A runaway bag business
“We are now 55% handbags, as a company. Handbags have been an ‘overnight success,’ but it’s taken us 10 years. But now, we sell [more] handbags than we do shoes. For 53 years, the company was a shoe company — and we’re very proud of that. We love shoes. But with handbags, we’ve found a wonderful vibe in price and design that has been a true, mind-boggling success. We’re three years ahead of where we thought we were going to be [at this point]. … In terms of [its ability to expand], our brand — which is all about color and joyful, energetic, maximalist creativity — has an elasticity to it that is boundless.”

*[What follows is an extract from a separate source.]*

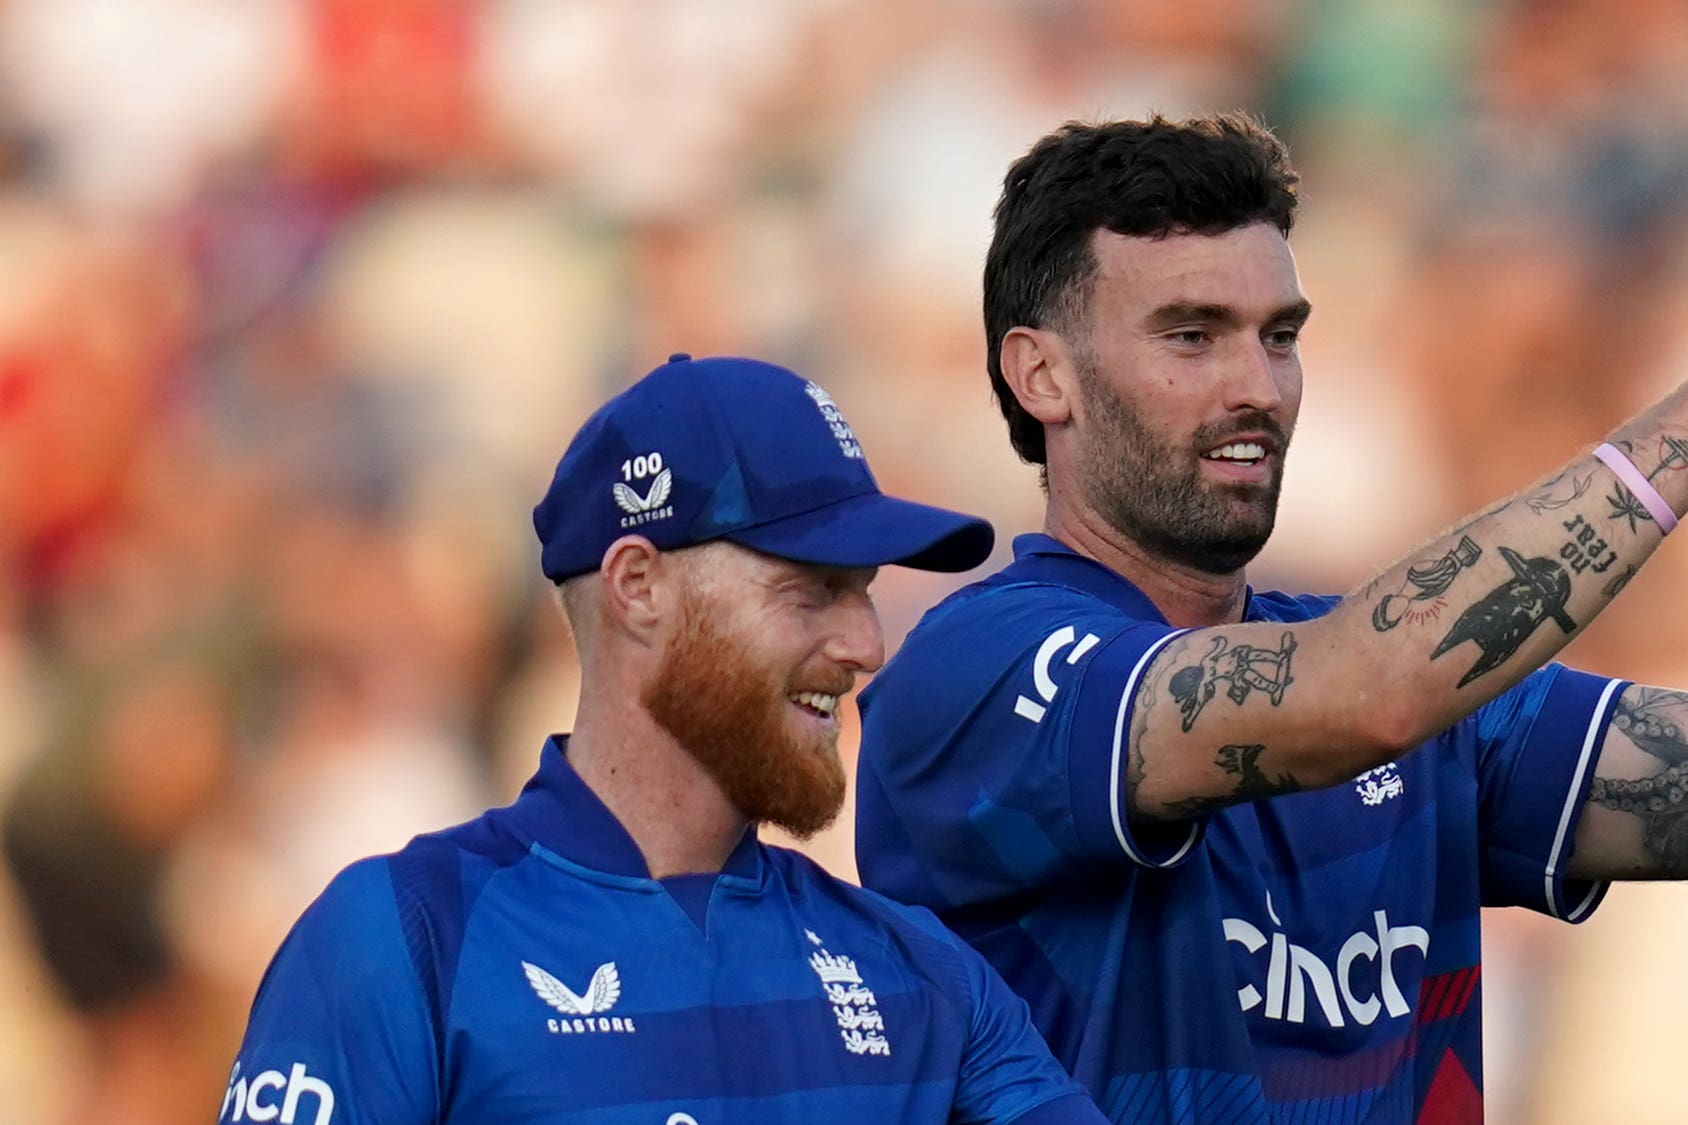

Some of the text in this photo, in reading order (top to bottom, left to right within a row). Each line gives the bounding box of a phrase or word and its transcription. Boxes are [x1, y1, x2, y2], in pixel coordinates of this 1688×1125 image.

Growing the brand’s US presence
“We have a lot of shop-in-shops now in North America, with Nordstrom, Bloomingdale’s and Dillard’s. We’re in 400 [retail] locations across North America. We love stores. Don’t think that we ignore digital — 30% of our sales are in digital — but we love stores. We love department stores. There’s nothing better than presenting your brand physically to your consumers’ eyes and delivering wonderful service. … Without our three [retail] partners, we would be nowhere. So we are so thankful for their help and support. And actually, they say to us, ‘It would be really wonderful if you also had some amazing physical locations in North America — just to present your brand in a big way.’ Because our success has been around our product design and our pricing — not really in our brand awareness. As for brand awareness, we look at the little Google graph every week, and it’s going up in the right direction, but it’s nowhere near where it should be.”

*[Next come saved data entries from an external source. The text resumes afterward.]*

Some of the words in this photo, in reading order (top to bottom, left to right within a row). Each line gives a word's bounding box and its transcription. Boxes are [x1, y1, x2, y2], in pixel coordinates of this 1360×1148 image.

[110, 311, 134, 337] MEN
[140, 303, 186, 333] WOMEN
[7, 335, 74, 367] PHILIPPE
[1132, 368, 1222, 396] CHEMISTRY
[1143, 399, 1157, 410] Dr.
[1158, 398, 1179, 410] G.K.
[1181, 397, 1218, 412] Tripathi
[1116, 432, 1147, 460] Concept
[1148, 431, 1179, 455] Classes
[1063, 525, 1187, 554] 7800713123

The perks of private equity
“We became independent on July 4, 2005. The company was actually … part of the Harrods Group. But we became independent, supported by private equity — Barclays Private Equity. … I’d say one thing about private equity: We adore it. Because being surrounded by smart people is really, really helpful. It’s underrated. Cinven, for example, our current owners, have been immensely supportive through quite difficult times in the pandemic. The U.K. had the terrible, long lockdown where retail stores were closed for almost 270 days. And [Cinven] gave us confidence [by saying], ‘It’s going to be OK. If you need money, don’t worry; we’ll give you money. Don’t waste a good crisis. Do all the things you’ve wanted to do.’ [That included] closing poor distribution; changing the promotional stance, to some degree; reinventing our physical locations and our store design; cutting back areas that were not needed, … So, it’s hard to admit, really, because the pandemic was so difficult. But the company’s in a much better place because of the pandemic. And I wouldn’t want to repeat it, of course. But I’m not so sure, we would have done all the things that we did without Cinven’s support. So we adore private equity. It’s a place where you’re learning every day and you’re surrounded by clever people.”